▶ Available records

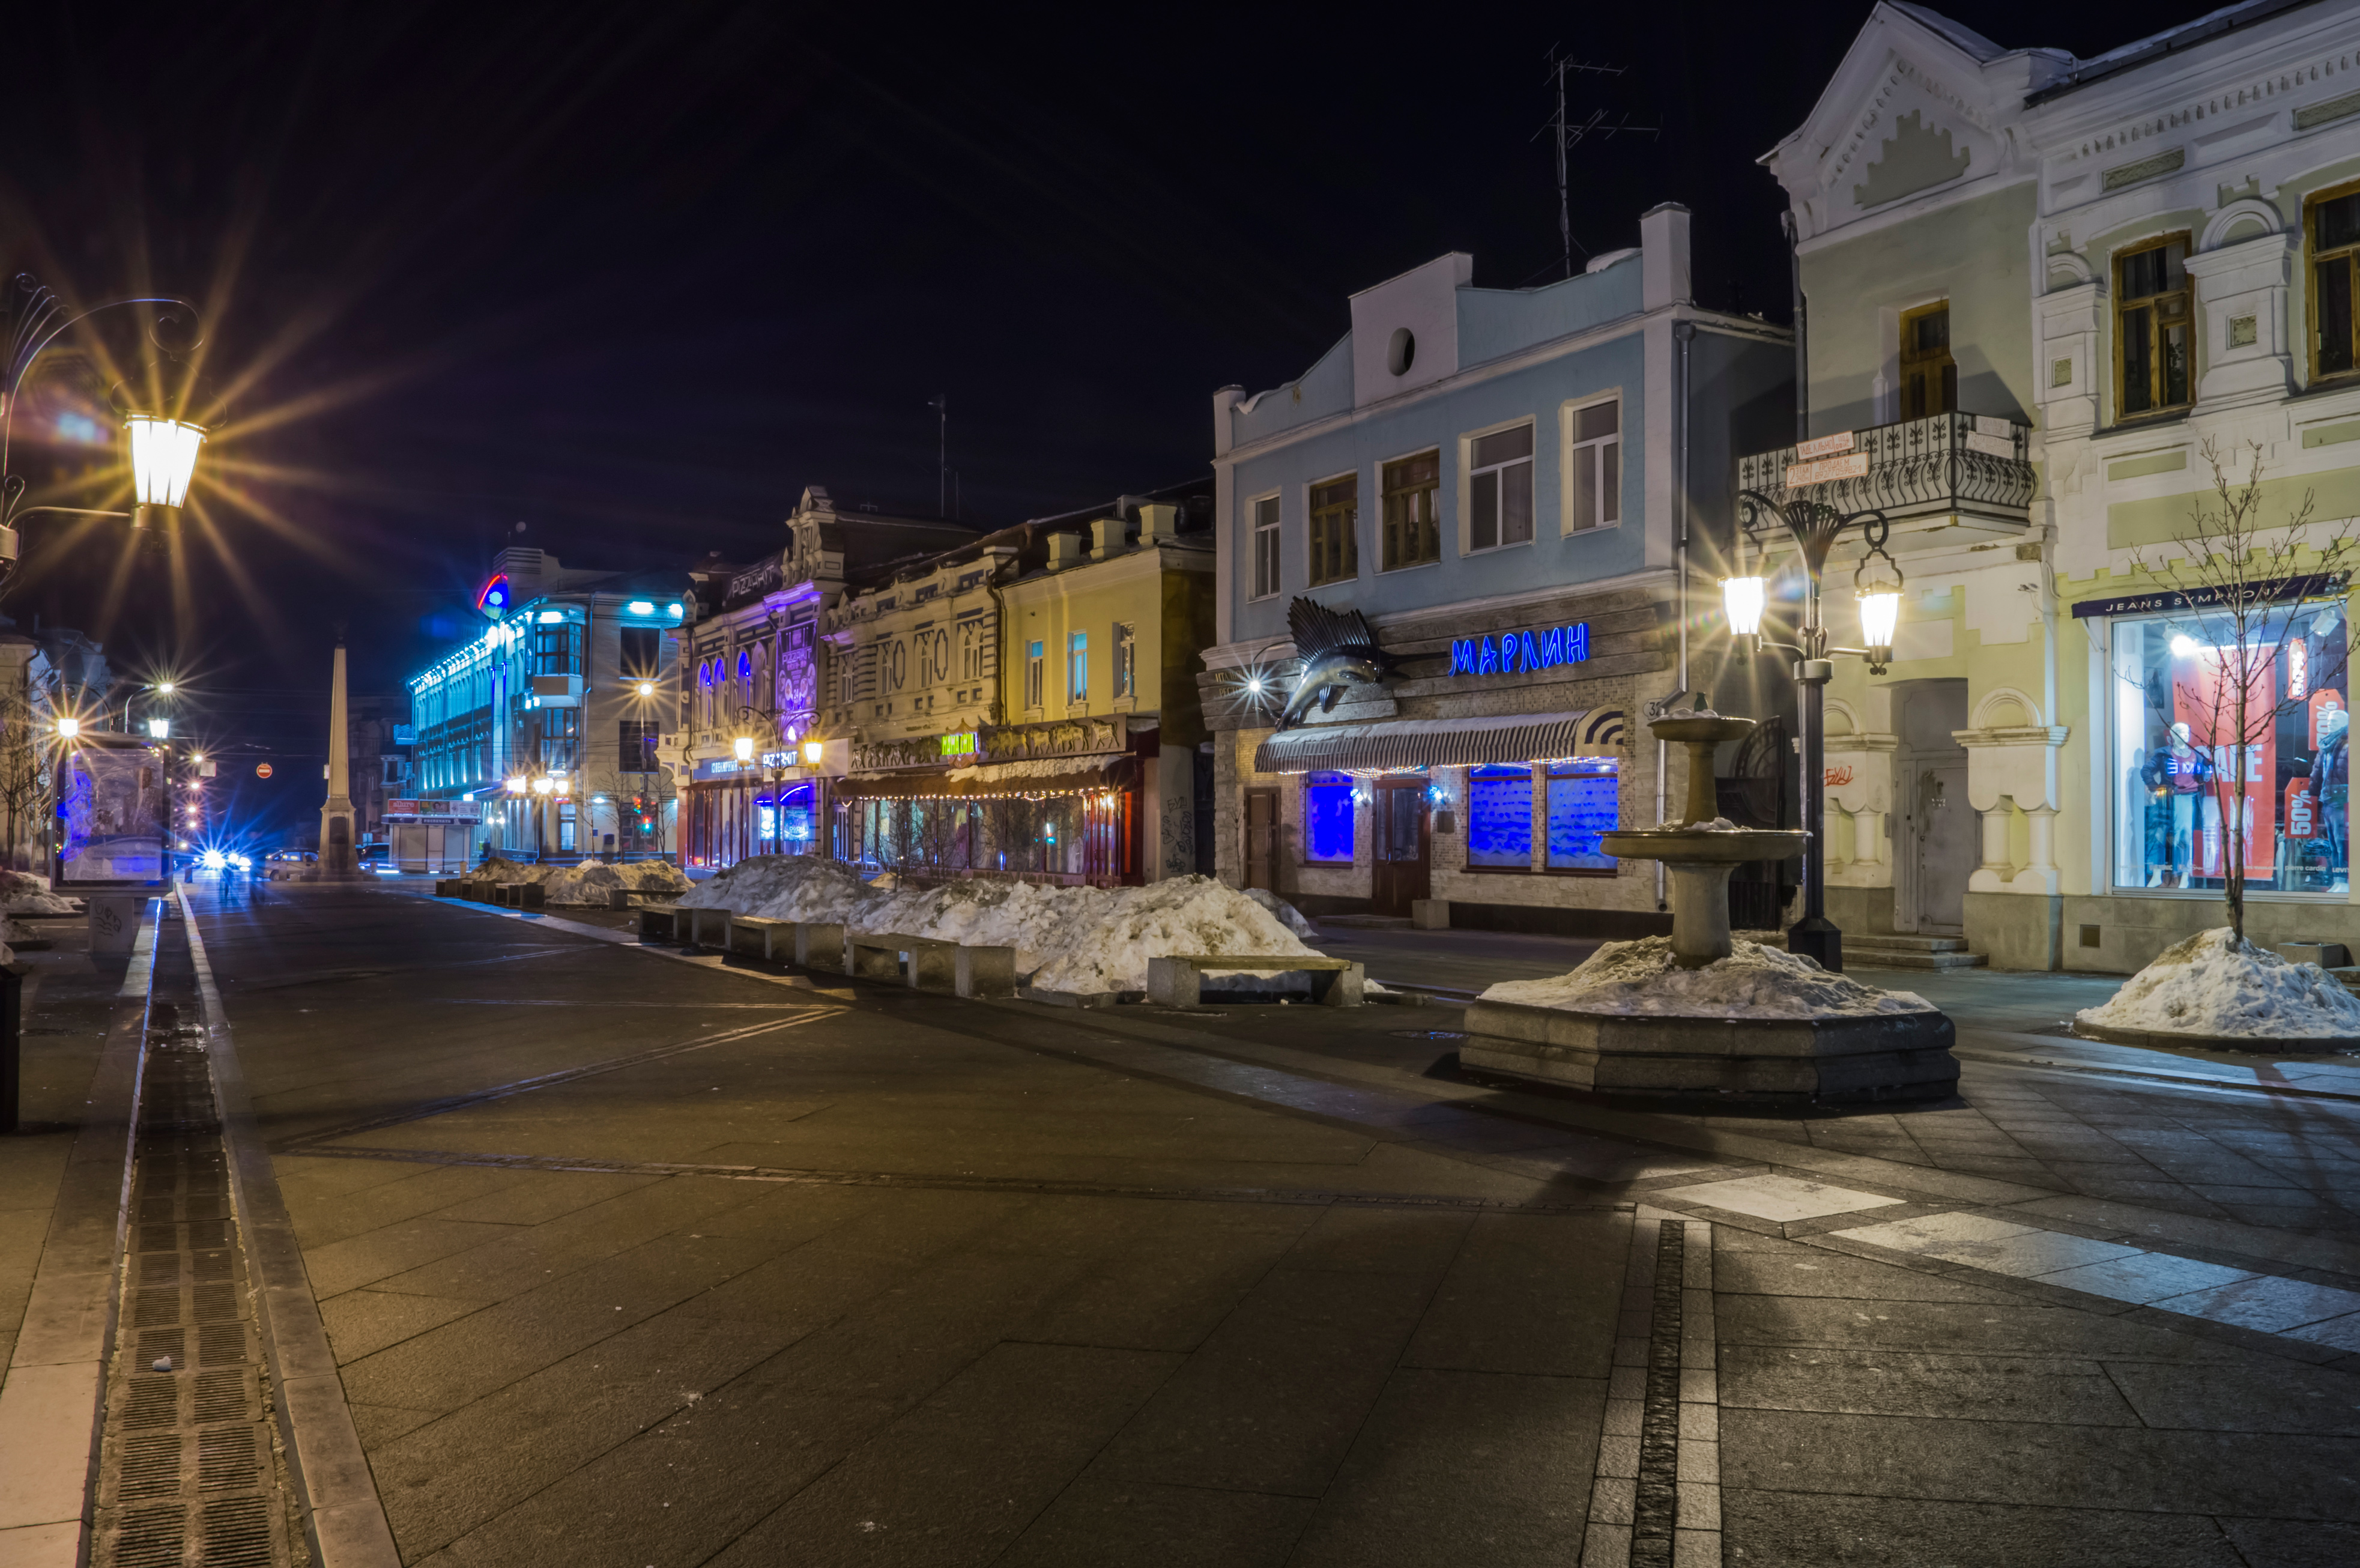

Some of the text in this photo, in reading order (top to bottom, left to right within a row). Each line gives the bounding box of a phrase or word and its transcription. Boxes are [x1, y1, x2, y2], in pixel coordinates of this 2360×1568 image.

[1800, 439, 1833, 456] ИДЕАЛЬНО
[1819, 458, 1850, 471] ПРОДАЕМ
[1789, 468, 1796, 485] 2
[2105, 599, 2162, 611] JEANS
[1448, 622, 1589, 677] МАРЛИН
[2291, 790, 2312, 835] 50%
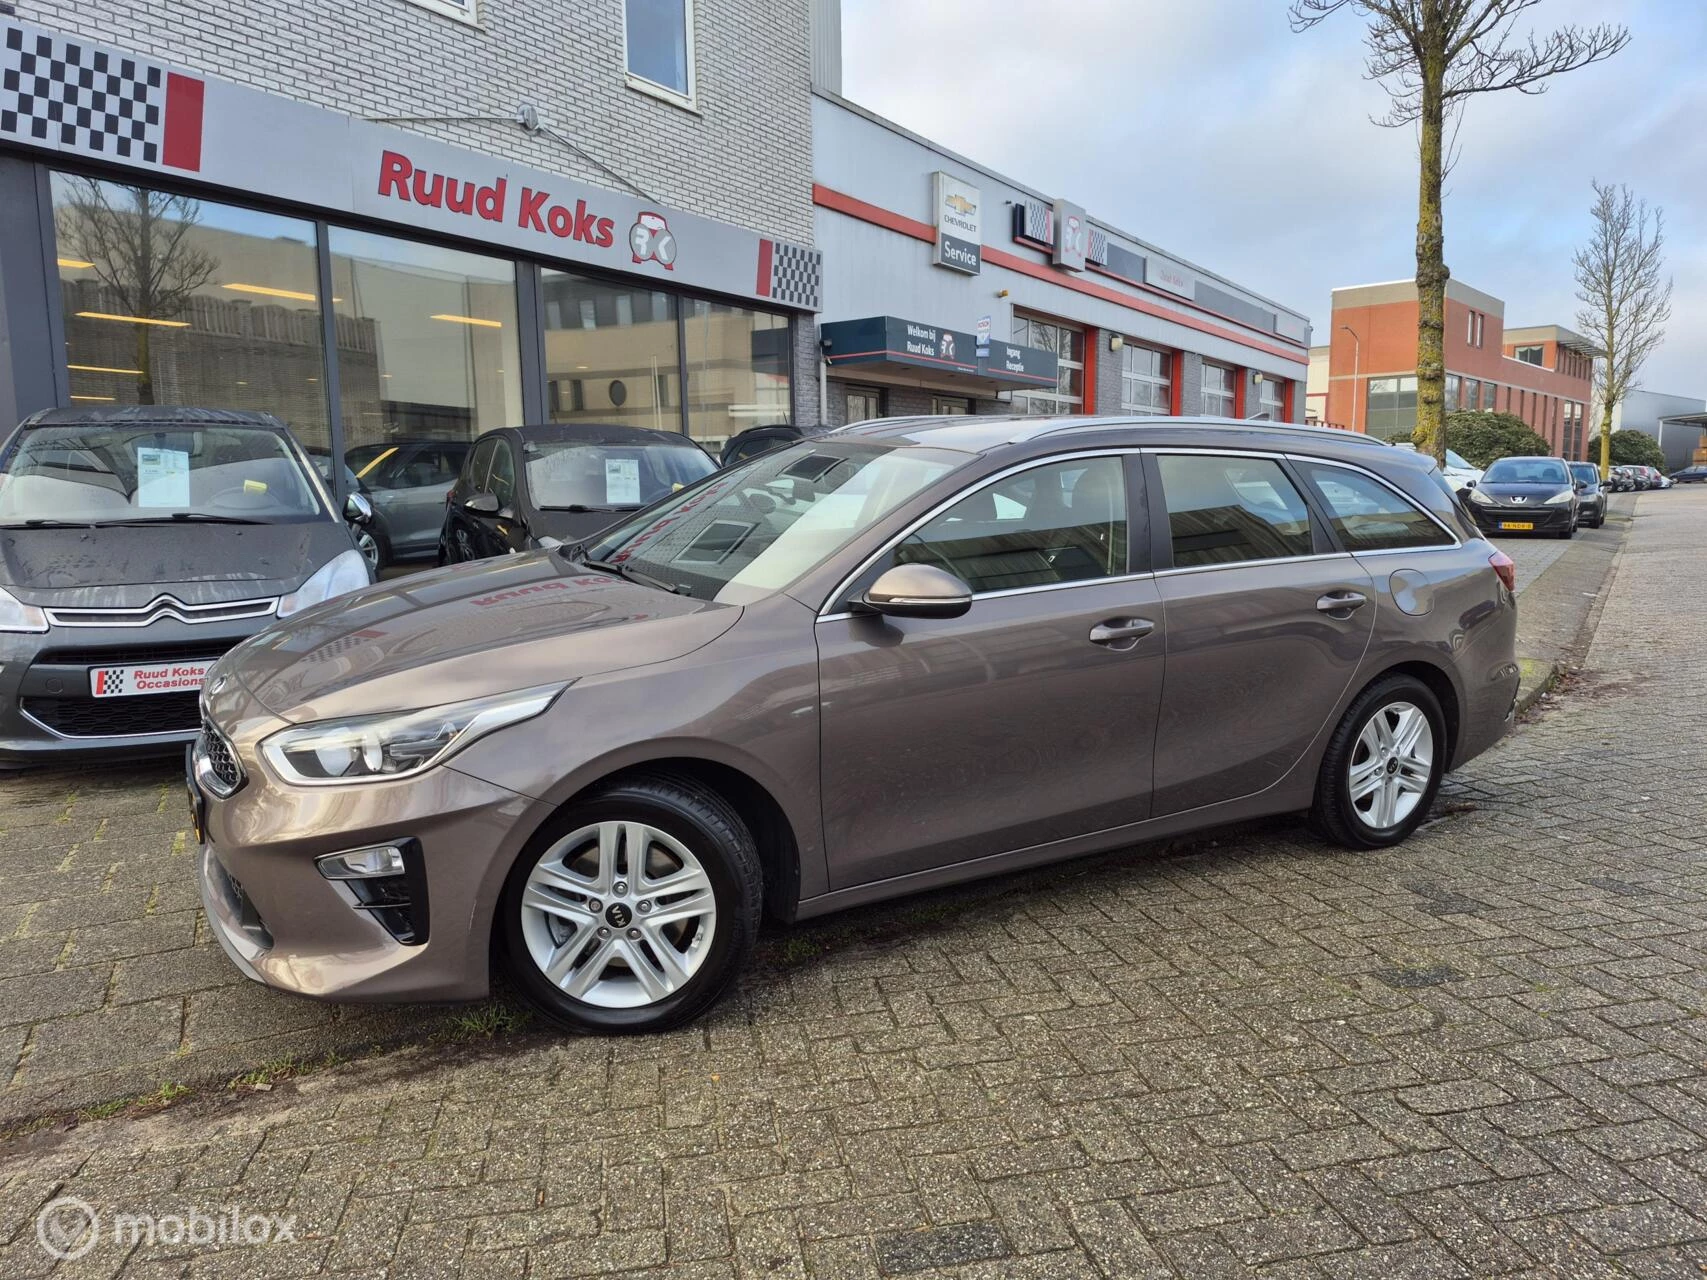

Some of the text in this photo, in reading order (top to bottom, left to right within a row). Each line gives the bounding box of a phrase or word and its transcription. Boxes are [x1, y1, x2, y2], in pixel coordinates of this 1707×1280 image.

▶ Task to carry out
Reproduce the data word for word; no pictures.

▶ Problem solution
Some of the text in this photo, in reading order (top to bottom, left to right within a row). Each line gives the bounding box of a phrase or word and its transcription. Boxes are [x1, y1, x2, y2], in pixel coordinates of this 2360×1568 image.

[1800, 439, 1833, 456] ИДЕАЛЬНО
[1819, 458, 1850, 471] ПРОДАЕМ
[1789, 468, 1796, 485] 2
[2105, 599, 2162, 611] JEANS
[1448, 622, 1589, 677] МАРЛИН
[2291, 790, 2312, 835] 50%

Some of the text in this photo, in reading order (top to bottom, left to right within a row). Each line gives the bounding box of a phrase or word and its transcription. Boxes are [x1, y1, x2, y2], in pixel coordinates of this 1707×1280 image.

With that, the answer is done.